On the other hand, there’s the issue of its close relation to marijuana. Hemp and marijuana come from the same cannabis plant. But differences in the way they’re cultivated allowed farmers to minimize the presence of tetrahydrocannabidiol or THC in hemp chemistry.
Simply put, THC is the compound in marijuana that causes the experience of a high. With less than 0.3% of this found in hemp, the plant can’t cause the same altered state of cognition that makes marijuana a controlled substance in the first place. However, despite the differences in chemistry, both herbs look and smell exactly the same.
That said, law enforcers in the state of Florida are struggling to tell the two plants apart. As of writing, state law offices have advised law enforcement to look for other evidence of illegality before making any arrests regarding the public use or possession of marijuana, since both odor and appearance are no longer enough to establish a probable cause.
So, if you’re caught smoking or using hemp flower in Florida especially in public areas, law enforcement can’t make an arrest unless you yourself confess that the herb is marijuana. Otherwise, the state will have to send the samples to an accredited testing facility to determine its actual THC content.
Even then, anyone who doesn’t want to run in with the law should be careful of using hemp products and raw hemp flower in public. This should just make it easier for civilians and law enforcement to avoid unnecessary altercations and problems.

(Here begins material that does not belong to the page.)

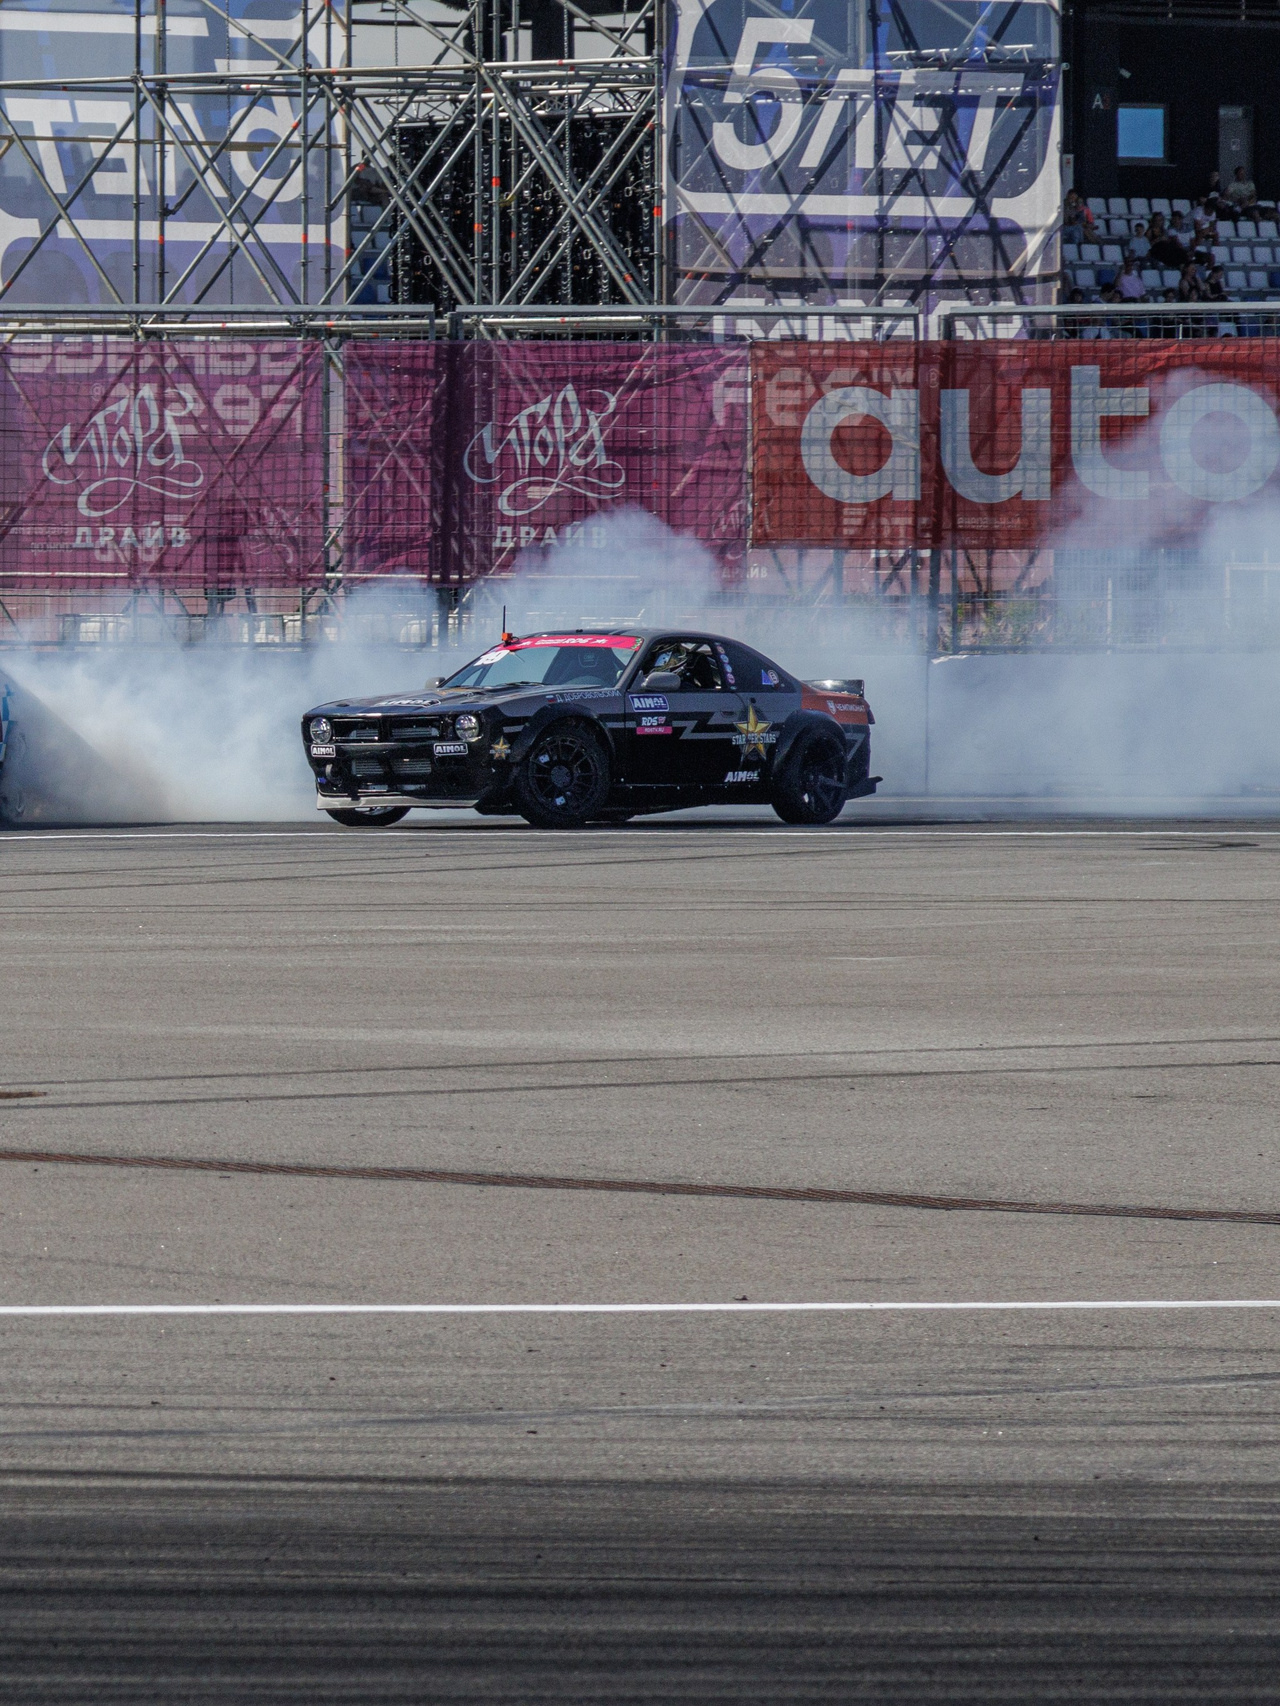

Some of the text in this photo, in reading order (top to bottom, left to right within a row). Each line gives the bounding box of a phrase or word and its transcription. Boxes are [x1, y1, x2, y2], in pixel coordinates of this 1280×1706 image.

To be perfectly clear, hemp edibles are not legal anywhere in the United State, according to the FDA. That’s because CBD has not been approved as a food additive due to the lack of evidence to support its efficacy when consumed orally. In fact, the FDA doesn’t allow drug additives in food, even if those drugs have been previously approved as safe and effective.
But if that’s the case, why are hemp-infused edibles so widely available? While the FDA’s regulations are clear, it appears the administration itself isn’t too particular about upholding them. So, although hemp edibles remain illegal in the state of Florida and across the country, the lack of enforcement makes it possible for buyers and sellers to trade hemp-infused food and drink nonetheless.
Presently, the state of Florida has yet to decriminalize marijuana, so it’s important that hemp users stay particularly cautious of the public use of hemp and similar products. But if we’re speaking strictly of legality, if you’re certain that your product meets government standards on THC content, then you should be able to freely and confidently use hemp anywhere in the state without having to worry about the repercussions.